One sound theoretical aspect of the issue you're mentioning is the totality/partiality of functions. "Total functions" are functions whose
"operating range" is 100% of their inputs. Partial functions are those for which there is some sort of issue or another with some sets of inputs. Current terminology doesn't distinguish between two important different kinds of failures: undefined results and results whose computational cost is infinite. This may sound ridiculous on the surface, but I believe if nothing else it is important to consider
the two cases separately, because they behave differently in current hardware. Consider that these broken functions are broken in very different ways:

  f(x) = x/0

  f(x) = f(f(x))

(I'll go out on a limb here and say that we may someday be able to do something with the second kind, the kind that require infinite resources to compute. Consider that wild speculation though.)

In general, we find that "forward" computations, those that are built out of successive lower level computations, do not cause us problems. Given the ordered naturals, we can speak of the successor function; given successor, we can construct addition, which gives rise to multiplication, which gives rise to exponentiation, which given rise to tetration, ad infinitum. Each of these functions is total. Each successive one has an inverse, and it seems the inverses are a significant source of problems.

The predecessor function is defined on every natural number except 0. Oops! Subtraction is only defined on every pair of natural numbers where the minuend is >= the subtrahend. The integers solve this issue, and make subtraction total. Multiplication is total even when we extend it to the integers, but most pairs of integers divided don't make an integer. So we get the rationals, but we still have a problem at zero. At the next level, the forward function, exponentiation, is fine, but at this level we have *two* inverse functions, because exponentiation is not commutative. We get logs and roots, and neither one is closed under the rationals.

But it is entirely possible to restrict ourselves to functions that we know are total, or functions restricted to defined inputs. A simple example:

In this code, I don't know for sure that it will work until runtime, because I don't know that y != 0:

  int x, y;
  return x/y;

However, this code will always work, independent of the values of x and y:

  int x, y;
  if (y != 0)
    return x/y;
  else
    return 0;

Most compilers aren't smart enough to know that the first return cannot fault, but there are a few research compilers that can figure this out, and I think it's just a matter of time until this capability becomes more commonplace.

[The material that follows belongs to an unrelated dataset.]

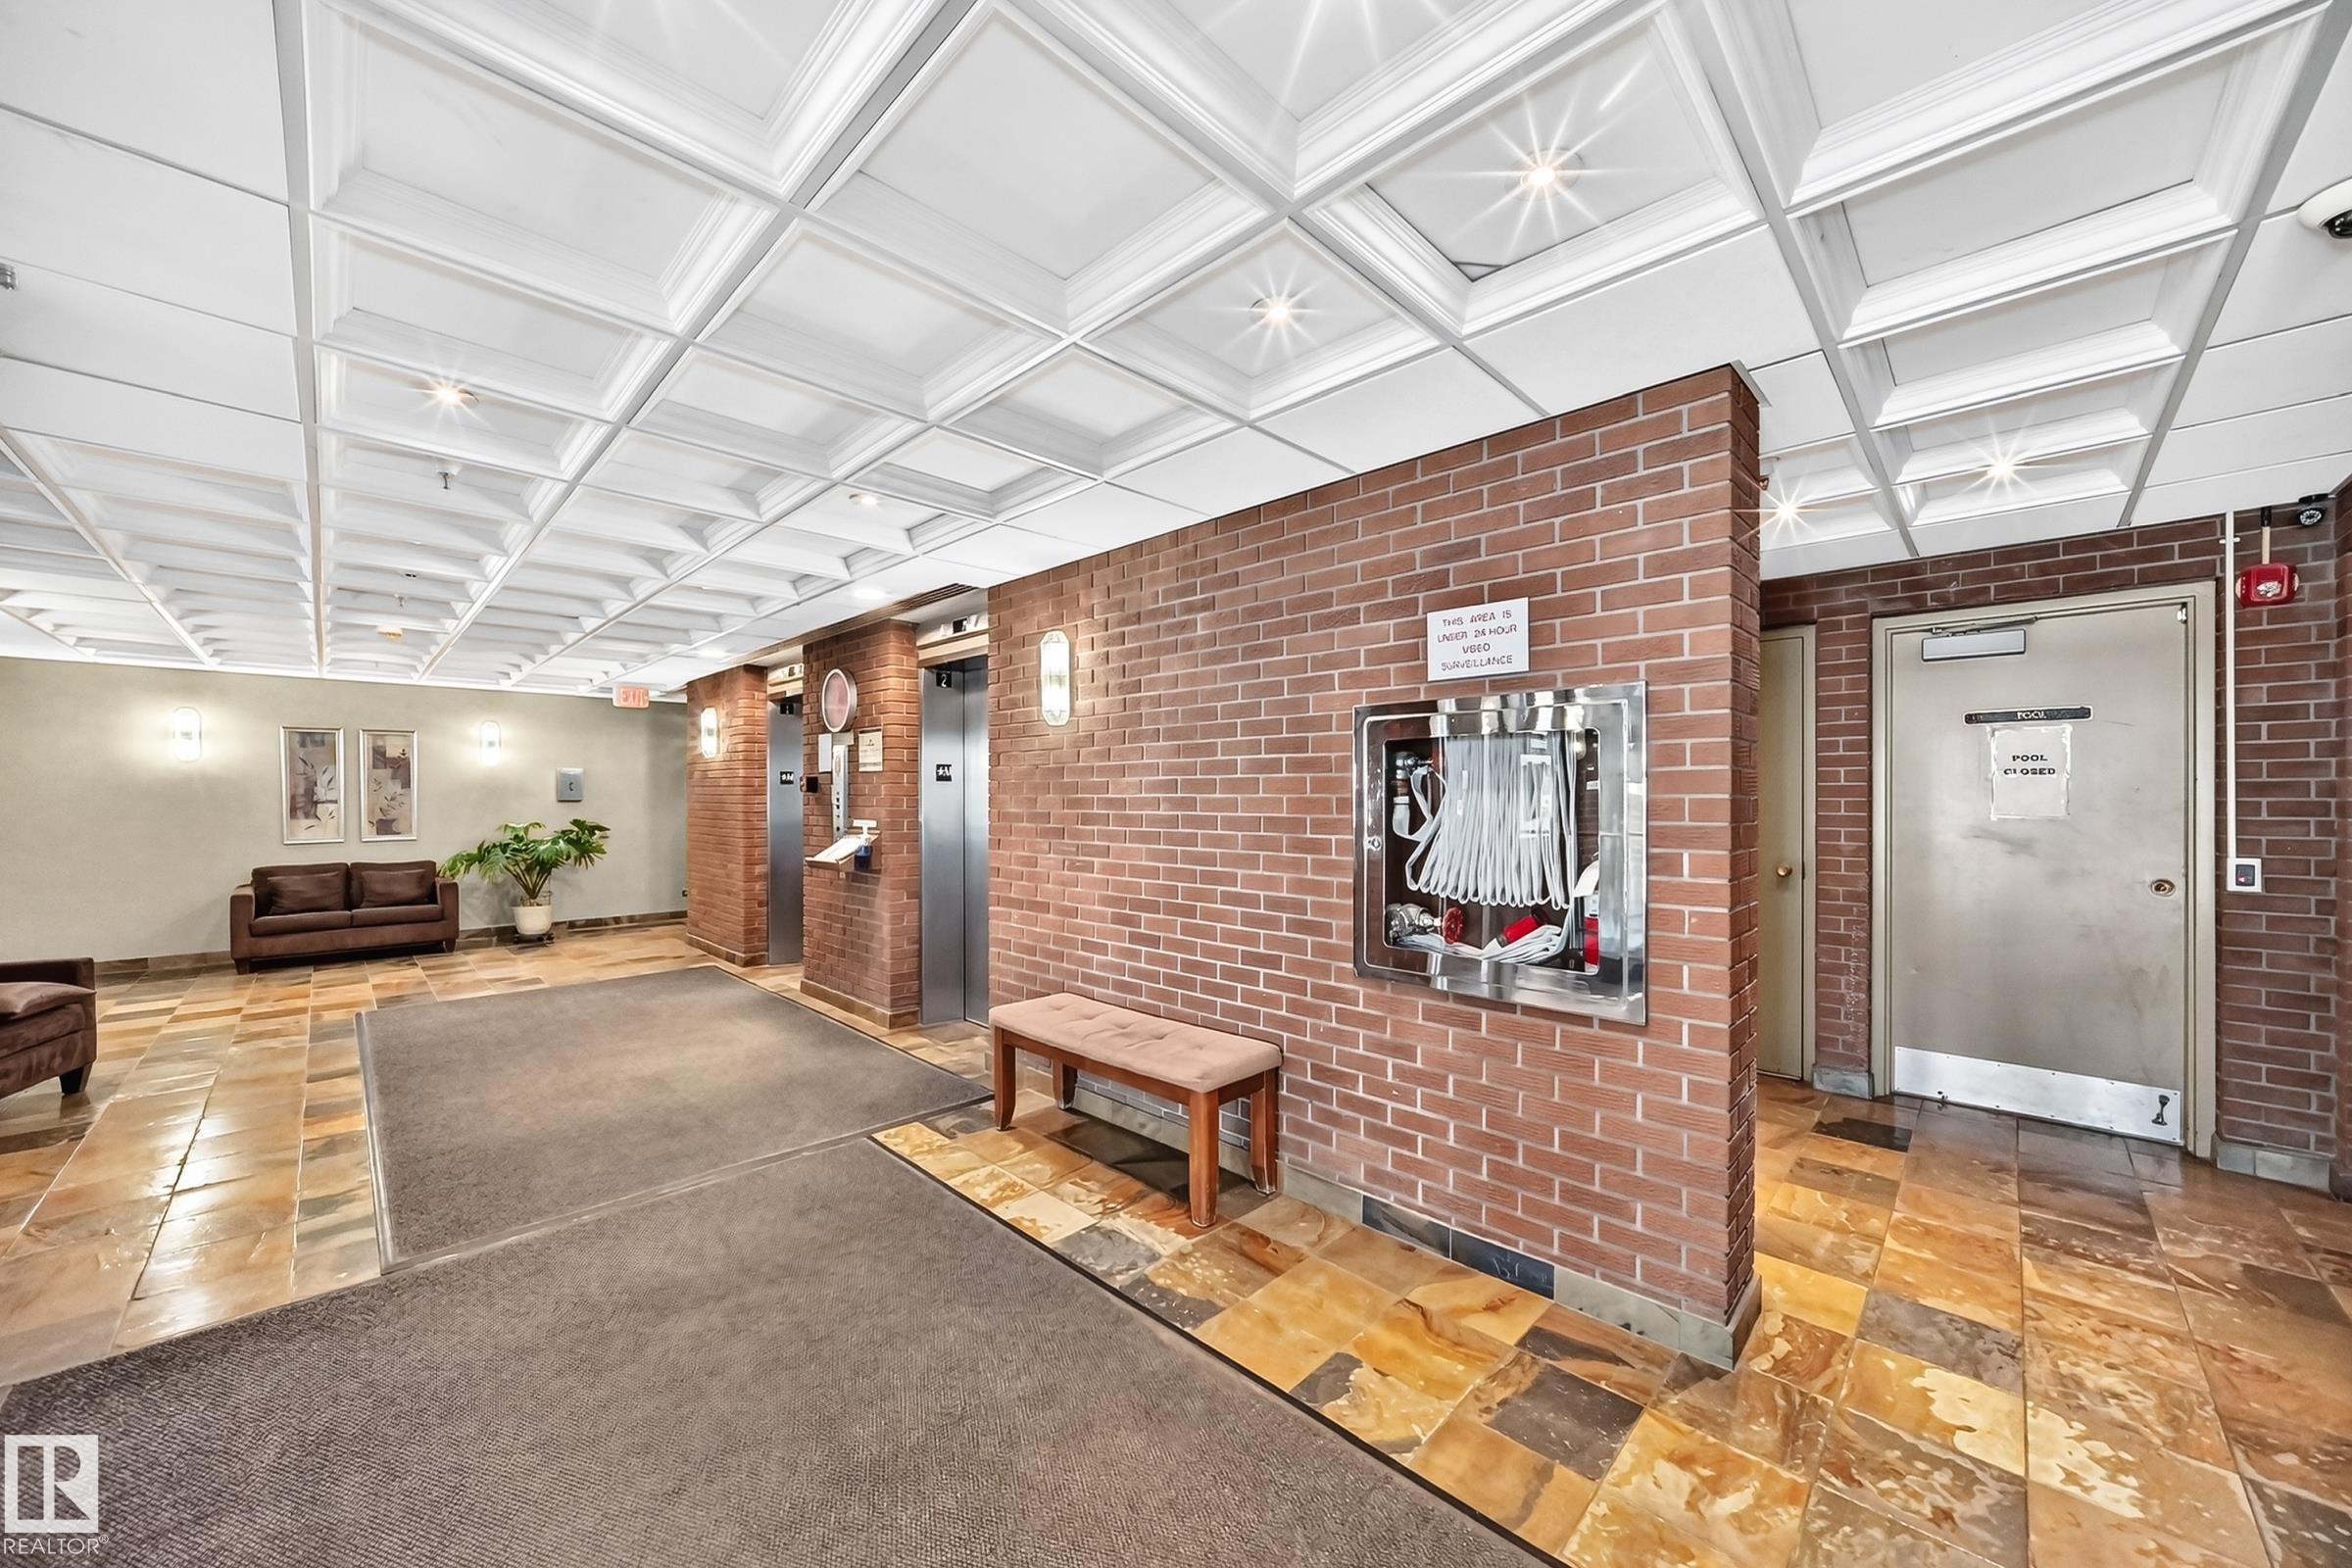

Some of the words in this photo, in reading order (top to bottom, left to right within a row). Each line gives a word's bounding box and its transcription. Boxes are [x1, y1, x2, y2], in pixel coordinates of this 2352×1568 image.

[1470, 612, 1495, 623] AREA
[1502, 610, 1512, 619] IS
[1489, 624, 1517, 636] HOUR

There is also resource usage to consider. Given a finite machine and a given program, how can we be sure it is free of stack overflows, or out of memory errors? It turns out to be possible to know this with an effects system. The principle is simple: for every effect one wishes to consider (maximum memory usage, nontermination, etc.) one needs to have an algebra for every kind of node in the language's abstract syntax that can propagate the state of this effect based on its child nodes.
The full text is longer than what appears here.